----- Data -----

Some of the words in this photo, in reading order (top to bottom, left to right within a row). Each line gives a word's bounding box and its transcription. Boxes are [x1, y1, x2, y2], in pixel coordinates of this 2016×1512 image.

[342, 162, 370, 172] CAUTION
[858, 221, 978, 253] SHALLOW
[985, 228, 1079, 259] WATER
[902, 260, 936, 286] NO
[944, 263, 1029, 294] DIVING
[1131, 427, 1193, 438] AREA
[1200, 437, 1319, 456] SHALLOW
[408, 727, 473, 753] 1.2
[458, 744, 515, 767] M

-----

◆ What to produce: Give back every line of the data exactly as it was written.

◆ Final answer:
Some of the words in this photo, in reading order (top to bottom, left to right within a row). Each line gives a word's bounding box and its transcription. Boxes are [x1, y1, x2, y2], in pixel coordinates of this 2016×1512 image.

[342, 162, 370, 172] CAUTION
[858, 221, 978, 253] SHALLOW
[985, 228, 1079, 259] WATER
[902, 260, 936, 286] NO
[944, 263, 1029, 294] DIVING
[1131, 427, 1193, 438] AREA
[1200, 437, 1319, 456] SHALLOW
[408, 727, 473, 753] 1.2
[458, 744, 515, 767] M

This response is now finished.